▶ **Aim of the task**:
Down to the last line, write out the entries below exactly and omit all pictures.
─── Records to use ───
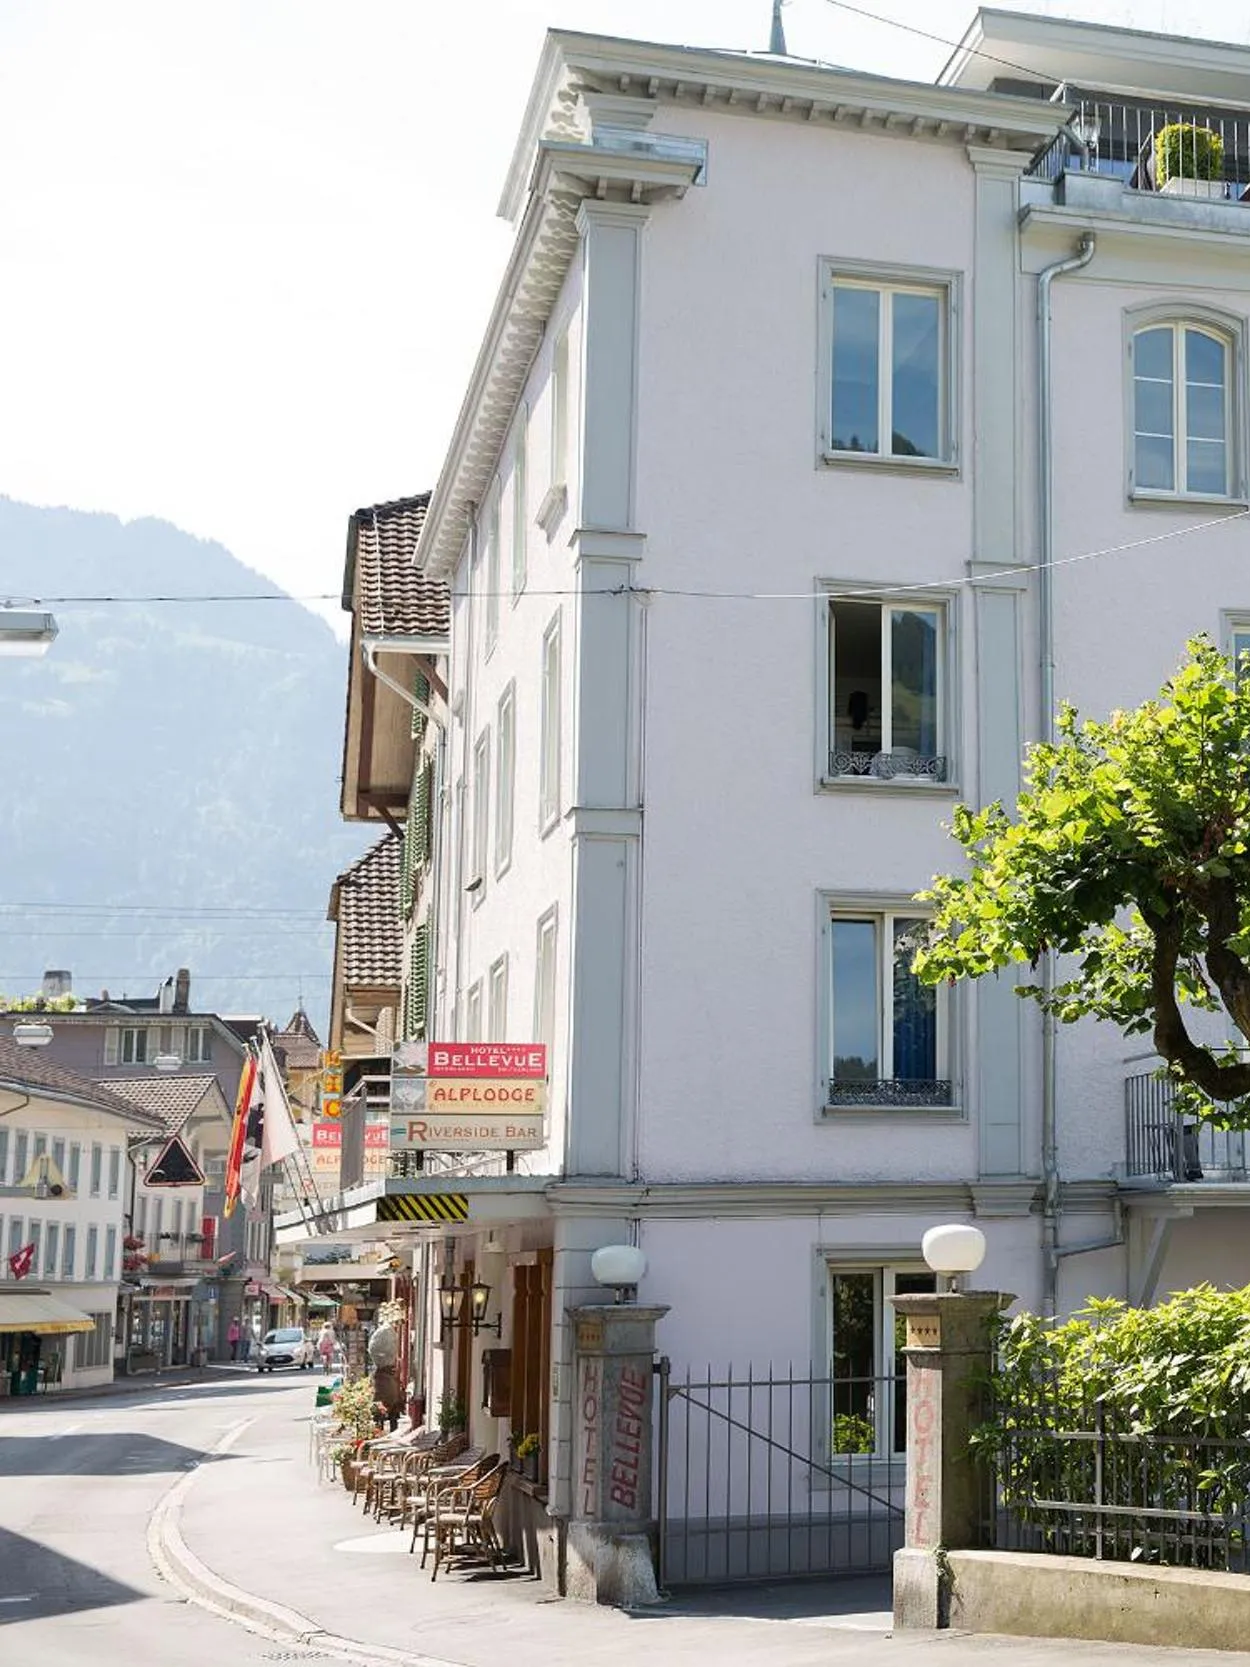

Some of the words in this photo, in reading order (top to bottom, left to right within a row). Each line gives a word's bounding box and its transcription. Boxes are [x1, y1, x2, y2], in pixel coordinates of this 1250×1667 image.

[434, 1051, 543, 1067] BELLEVUE
[471, 1047, 507, 1055] HOTEL
[434, 1087, 535, 1102] ALPLODGE
[407, 1121, 499, 1142] RIVERSIDE
[505, 1126, 538, 1138] BAR
[582, 1364, 599, 1515] HOTEL
[610, 1365, 648, 1510] BELLEVUE
[913, 1371, 935, 1545] HOTEL
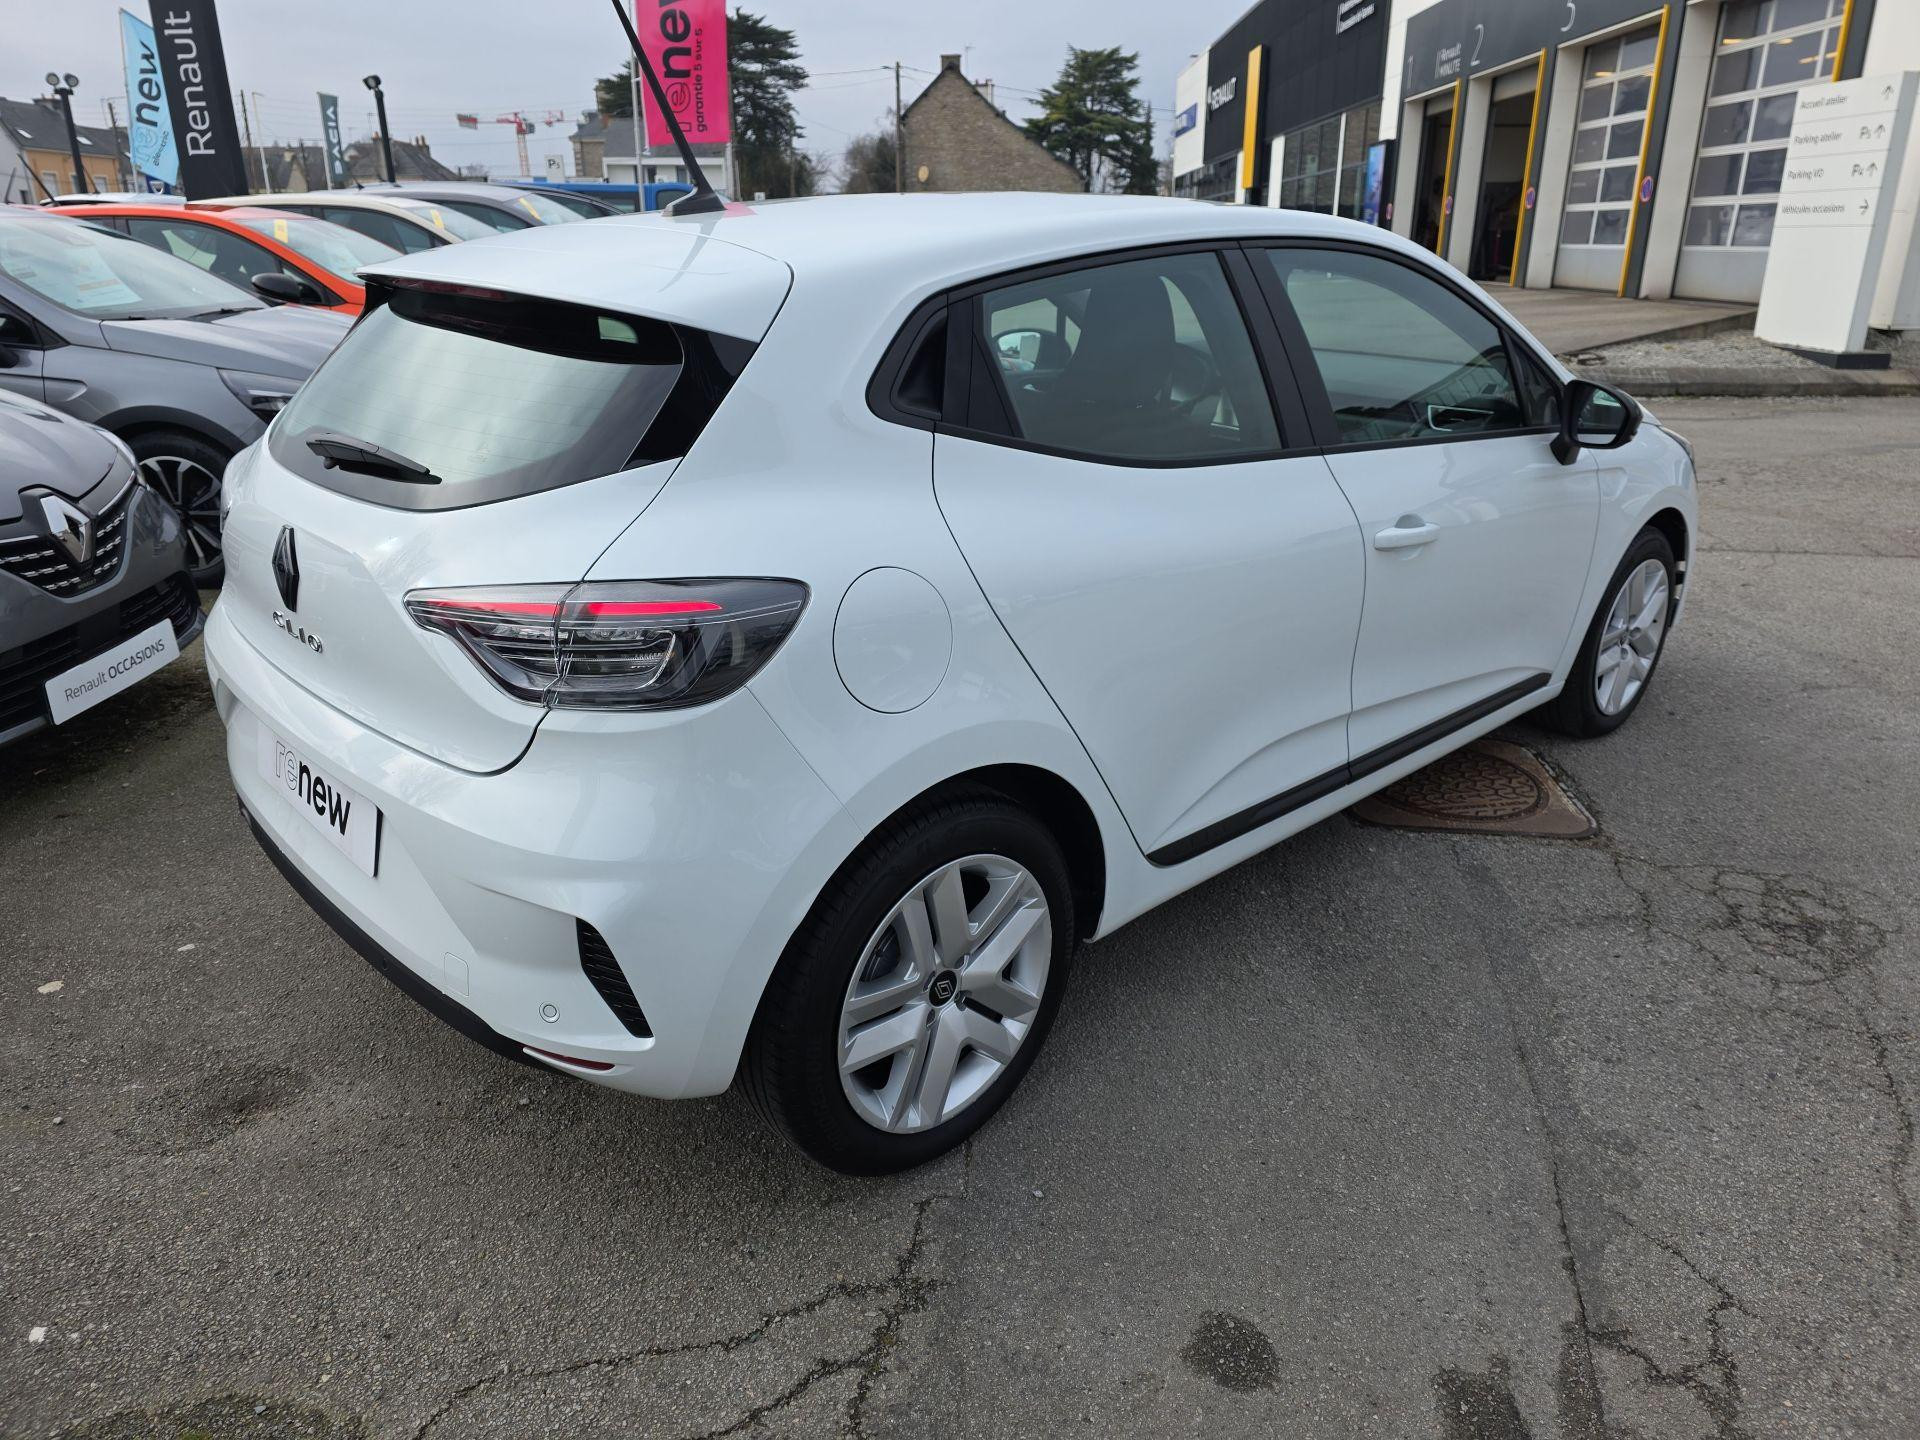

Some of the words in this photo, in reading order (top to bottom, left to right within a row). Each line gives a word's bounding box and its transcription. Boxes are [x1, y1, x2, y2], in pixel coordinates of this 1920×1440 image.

[695, 28, 702, 37] 5
[1471, 23, 1484, 66] 2
[164, 10, 215, 157] Renault
[659, 0, 691, 133] ene
[695, 63, 702, 71] 5
[693, 75, 707, 132] garantie
[1800, 97, 1824, 109] Accueil
[1825, 96, 1847, 105] atelier
[1794, 134, 1818, 145] Parking
[1820, 131, 1842, 142] atelier
[1787, 169, 1812, 180] Parking
[272, 610, 324, 654] CLIO
[64, 672, 107, 702] Renault
[108, 638, 165, 679] OCCASIONS
[274, 740, 351, 836] renew
───
▶ **Exercise output**:
Some of the words in this photo, in reading order (top to bottom, left to right within a row). Each line gives a word's bounding box and its transcription. Boxes are [x1, y1, x2, y2], in pixel coordinates of this 1250×1667 image.

[434, 1051, 543, 1067] BELLEVUE
[471, 1047, 507, 1055] HOTEL
[434, 1087, 535, 1102] ALPLODGE
[407, 1121, 499, 1142] RIVERSIDE
[505, 1126, 538, 1138] BAR
[582, 1364, 599, 1515] HOTEL
[610, 1365, 648, 1510] BELLEVUE
[913, 1371, 935, 1545] HOTEL

Some of the words in this photo, in reading order (top to bottom, left to right within a row). Each line gives a word's bounding box and its transcription. Boxes are [x1, y1, x2, y2], in pixel coordinates of this 1920×1440 image.

[695, 28, 702, 37] 5
[1471, 23, 1484, 66] 2
[164, 10, 215, 157] Renault
[659, 0, 691, 133] ene
[695, 63, 702, 71] 5
[693, 75, 707, 132] garantie
[1800, 97, 1824, 109] Accueil
[1825, 96, 1847, 105] atelier
[1794, 134, 1818, 145] Parking
[1820, 131, 1842, 142] atelier
[1787, 169, 1812, 180] Parking
[272, 610, 324, 654] CLIO
[64, 672, 107, 702] Renault
[108, 638, 165, 679] OCCASIONS
[274, 740, 351, 836] renew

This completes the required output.